Jean-François Hautin

Comment se passe le financement des coproductions franco-africaines ? Quels sont les organismes qui soutiennent ces films ? Quels avantages permet la collection Lumières d’Afrique en termes de production ?

Jean-François Hautin, La Smac (producteur de Koukan Kourcia de Sani Magori, Les déesses du stade de Delphe Kifouani...)
Pour les films de la collection Lumières d’Afrique, on sait déjà qu’il y a un diffuseur, TV Rennes 35, ce qui ouvre des financements (CNC, région, Procirep et le reste). Au Tenk à Saint Louis, sur une trentaine de projets présentés, dix projets ont été pris dans la collection. Cette année, il y en aura un peu plus car Lyon TV rejoint la collection. Ensuite, on lance les coproductions avec nos coproducteurs africains, qui ont un calendrier différent du nôtre car l’OIF (l’organisation internationale de la francophonie) ne donne qu’une commission par an. Non, c’est deux. Il faut donc attendre un an.

Sébastien Tenteng, étudiant en production au Master de Lussas (Sénégal)
Dans le contrat de coproduction que propose Lumières d’Afrique, pour toute la collection, il y a une charte qui dit que ce qui est préparation, repérage, tournage se fait en Afrique et ce qui est montage, étalonnage, post-production se fait en Europe. Il y a un partage des tâches au préalable, avec chaque partie qui va chercher les financements de son côté. L’OIF est une des principales sources de financement du côté Sud. Il y a aussi l’IDFA, Ian bridgeman (?)…

Avez-vous souffert de la disparition du Fonds Images Afrique du Ministère des Affaires Etrangères ?

Jean-François Hautin, La Smac
Enormément. C’est un gros manque de financement. Enfin, ce sont les coproducteurs africains qui demandent la Francophonie et le MAE (Ministère des affaires étrangères). Mais on fait les dossiers ici.

Dominique Garin, Vie des Hauts (producteur de Savoir raison garder, de Mamounata Nikiema)
C’est plus facile d’envoyer le dossier dans les délais depuis Paris ou Bordeaux que de Ouagadougou.

Jean-François Hautin
Il faut parler de la réduction très importante de la Francophonie. Cette année, au premier trimestre, il n’y a eu que cinq documentaires aidés. Il y aussi le soutien vers des productions de séries africaines.

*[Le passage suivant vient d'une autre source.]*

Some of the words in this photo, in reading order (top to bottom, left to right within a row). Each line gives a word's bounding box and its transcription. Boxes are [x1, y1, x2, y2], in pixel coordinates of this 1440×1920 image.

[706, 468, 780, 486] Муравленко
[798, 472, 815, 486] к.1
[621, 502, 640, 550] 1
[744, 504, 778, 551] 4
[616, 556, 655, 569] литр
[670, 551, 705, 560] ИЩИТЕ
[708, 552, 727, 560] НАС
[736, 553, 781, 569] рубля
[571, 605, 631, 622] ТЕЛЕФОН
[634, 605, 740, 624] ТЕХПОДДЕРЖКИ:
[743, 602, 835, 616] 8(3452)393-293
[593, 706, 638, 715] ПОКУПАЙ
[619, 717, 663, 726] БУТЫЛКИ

Bien sûr, cela crée de l’emploi, mais je me permets de dire qu’au niveau culturel et artistique, ce n’est pas le top ! Et ces projets de fiction ont absorbé presque tout l’argent du fonds.

Et CFI ? Est-ce que CFI vous achète des films, est-ce qu’ils vous arrive d’avoir avec CFI des partenariats ?

Rires...

Jean-François Hautin
CFI est en demande de films... Ils donnent 3000 euros en achat et 6000 en préachat. Une commission éditoriale est prévue à la rentrée. Ils sont intéressés par la collection Lumière d’Afrique, on va voir. Le problème, c’est qu’ils ne veulent plus de sous-titres, donc, doublage, voice over... Et ils n’augmentent pas le prix d’achat. J’ai aussi vendu, en achat (et pas en préachat), mes films à TV5. Ils sont venus tous les ans au Tenk mais ils n’ont jamais rien pris.

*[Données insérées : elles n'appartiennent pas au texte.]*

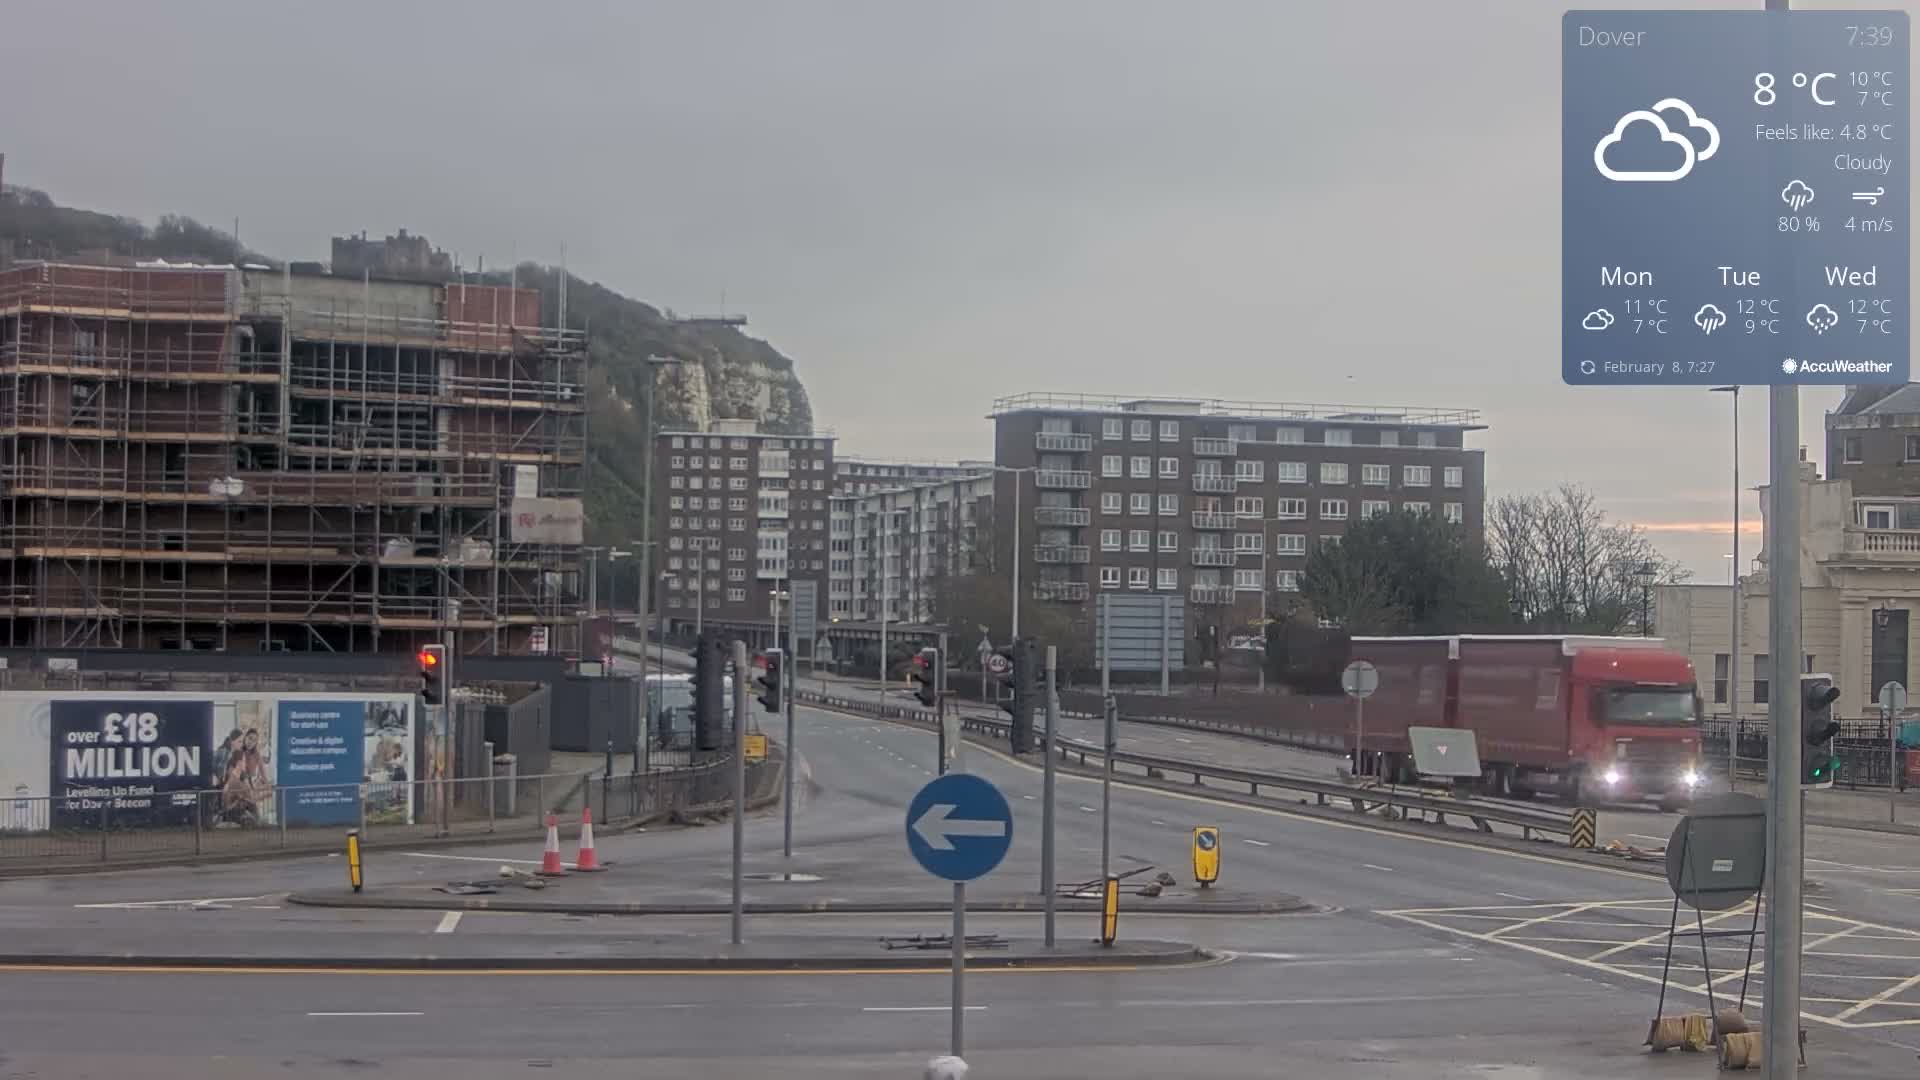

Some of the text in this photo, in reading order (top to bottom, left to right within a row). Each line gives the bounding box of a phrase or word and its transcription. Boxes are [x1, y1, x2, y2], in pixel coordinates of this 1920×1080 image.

Sébastien Tenteng, étudiant en production (Sénégal)
Il y a un problème avec CFI et les chaînes africaines. La démarche dans laquelle nous sommes est d’encourager les chaînes africaines à acheter du documentaire, ce qu’elles n’ont pas l’habitude de faire. CFI va dans les festivals, dans les marchés, achète les films et les donne par la suite aux chaînes nationales.

Dominique Garin
Il y a un autre problème, plus subtil. Quand un producteur signe une convention avec France Télévision, une annexe au contrat donne nos droits gratuits à tous les pays africains. C’est CFI qui gère cela. CFI a un stock d’images qui fait que les chaînes africaines n’ont pas l’habitude d’acheter. Peut-être qu’au niveau syndical, on devrait faire quelque chose pour ne pas signer cette clause.

Sebastien Tenteng
Il faudrait que CFI arrête de donner les films. Cela porte préjudice aux réalisateurs africains. Tu peux avoir fait ton film au Sénégal, au Congo, au Mali, la chaîne va attendre que le film lui soit donné par CFI deux ans plus tard. Avec Africadoc, on encourage les chaînes africaines à acheter une partie en mutualisation, et que CFI achète l’autre part. Ils ont un compte national, le CEFOR (??), un catalogue où les chaînes peuvent choisir. L’avancée est que l’on encourage, au Tenk de Saint Louis, ces chaînes-là à choisir leurs propres films.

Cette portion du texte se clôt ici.